Lo sbilancio è quindi strutturale. Cosa succederà all’Inps? Ovvio, non fallirà: ci penserà lo Stato a ripianare il buco. Come? Con i trasferimenti diretti all’Inps. Sono stimati in 95 miliardi nel 2013. Erano di 89 miliardi nel 2012 e di 81 miliardi nel 2011. Quattordici miliardi in più in soli due anni e nelle stime c’è una progressione che porta la bolletta dei trasferimenti statali a superare i 100 e passa miliardi nel 2014 e 2015. Una partita di giro. L’Inps perde, lo Stato deve ripianare con somme sempre più consistenti.
Il conto è nell’aumento della spesa pubblica che finirà compensato da maggiore tassazione. Ecco in quei 100 miliardi il costo per la collettività dello sbilancio tra entrate e uscite per le pensioni.
Lo spettro dei residui
L’altra grana che è stata sollevata più volte dalla Corte dei conti è nella mole gigantesca dei residui nel bilancio Inps.

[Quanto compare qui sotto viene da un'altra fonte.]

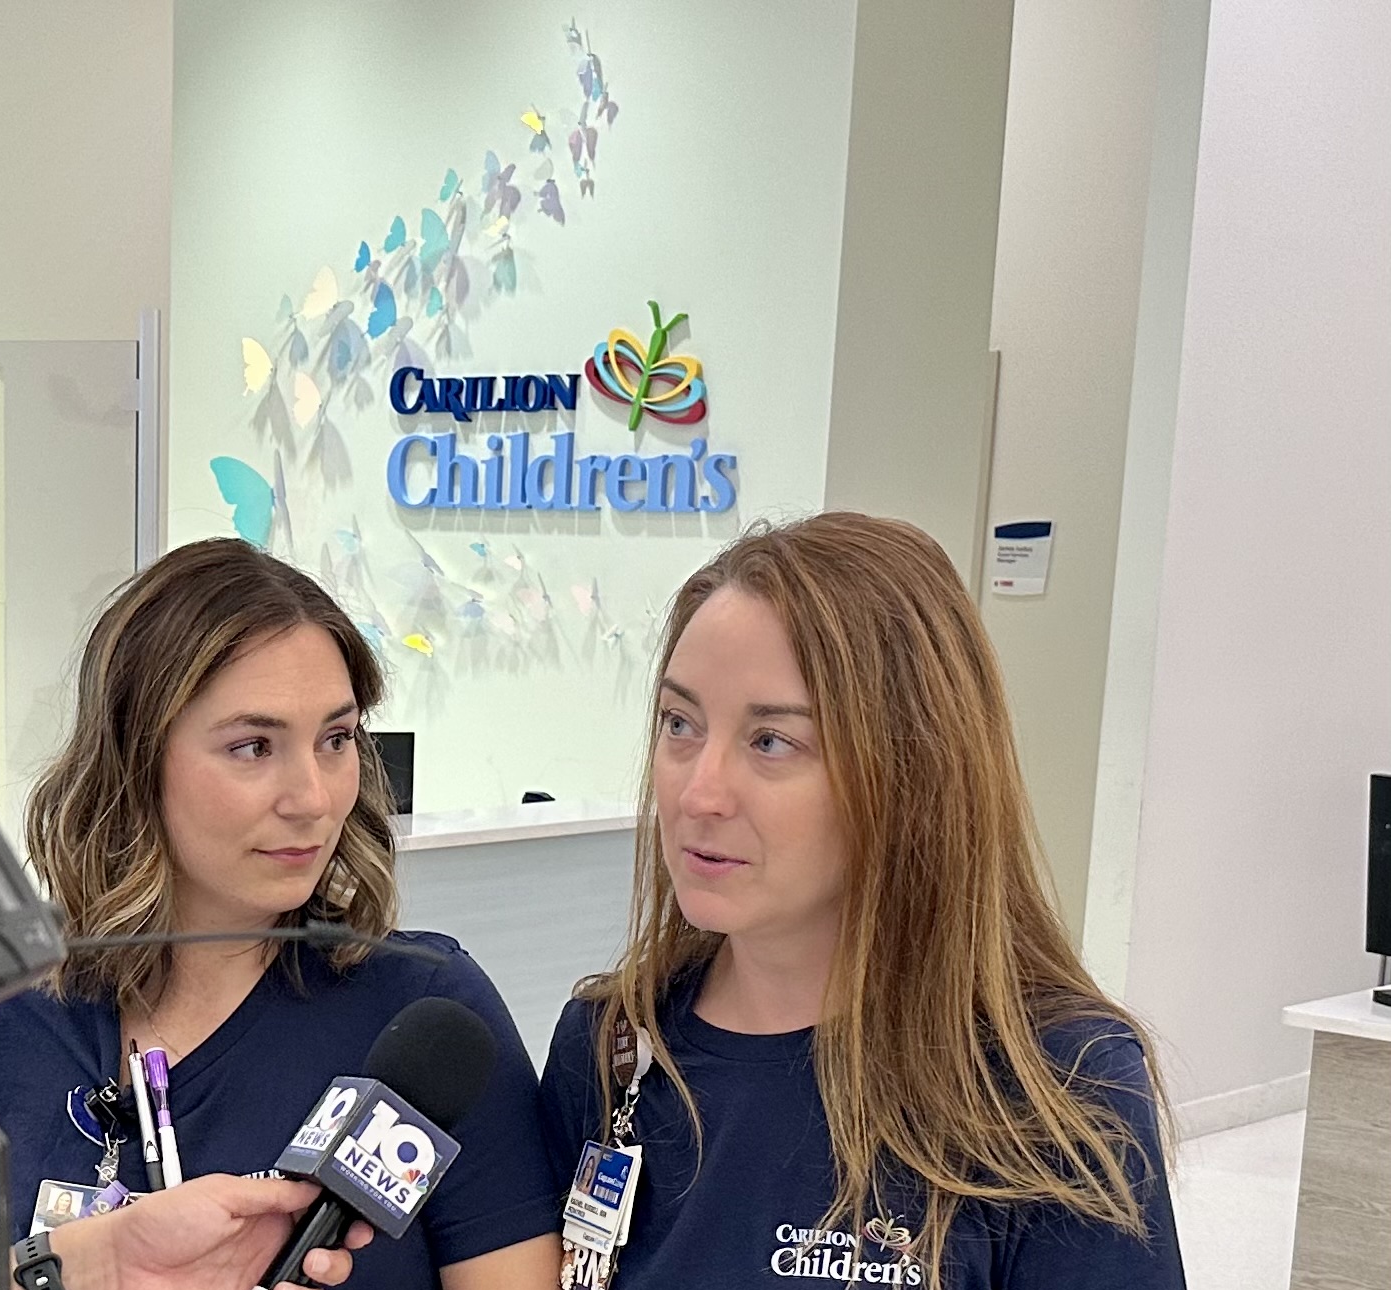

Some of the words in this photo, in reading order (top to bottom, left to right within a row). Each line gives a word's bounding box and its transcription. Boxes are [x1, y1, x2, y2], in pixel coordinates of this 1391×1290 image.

[389, 366, 580, 422] CARILION
[387, 431, 738, 513] Children's
[307, 1086, 358, 1132] 10
[297, 1131, 331, 1148] NEWS
[356, 1100, 436, 1181] 10
[344, 1146, 411, 1205] NEWS
[771, 1246, 922, 1286] Children's
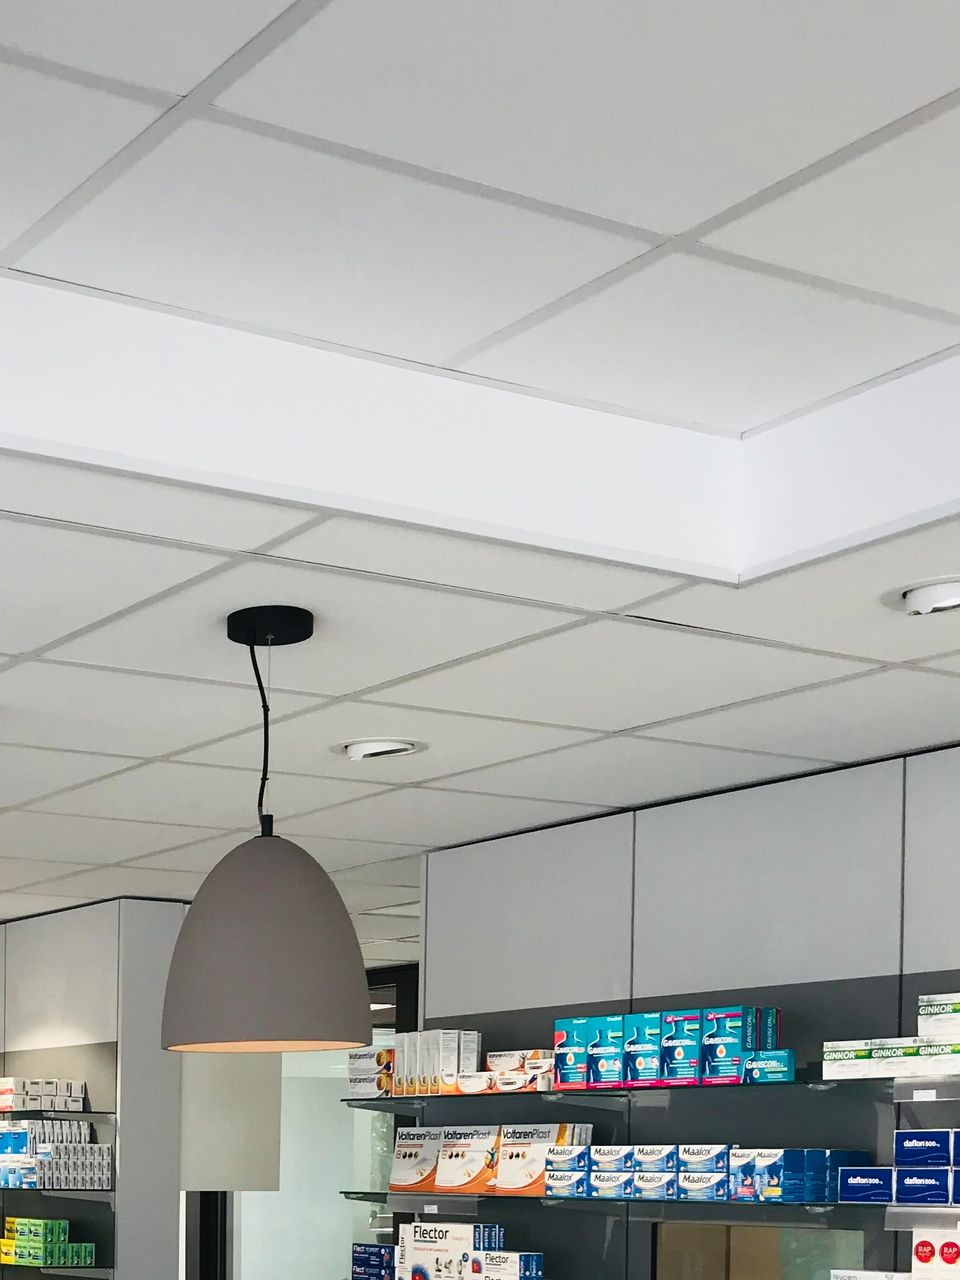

Quelli attivi, cioè gli incassi pregressi ancora da ricevere, ammontano a 134 miliardi, quelli passivi (pagamenti degli anni passati da effettuare) sono di 109 miliardi.
C’è uno sbilancio di 25 miliardi di entrate ancora da ricevere rispetto alle uscite da pagare. E, se si scoprisse che parte di quei soldi sono inesigibili perchè troppo vecchi, allora si aprirebbe un altro buco "vero" nei conti dell’istituto.
Altra preoccupazione è la continua svalutazione dei crediti contribuitivi. All’Inps mancano versamenti vecchi per 80 miliardi e di questi 33 miliardi sono stati svalutati. Un segno che la crisi pesa. Anche sui conti dell’istituto.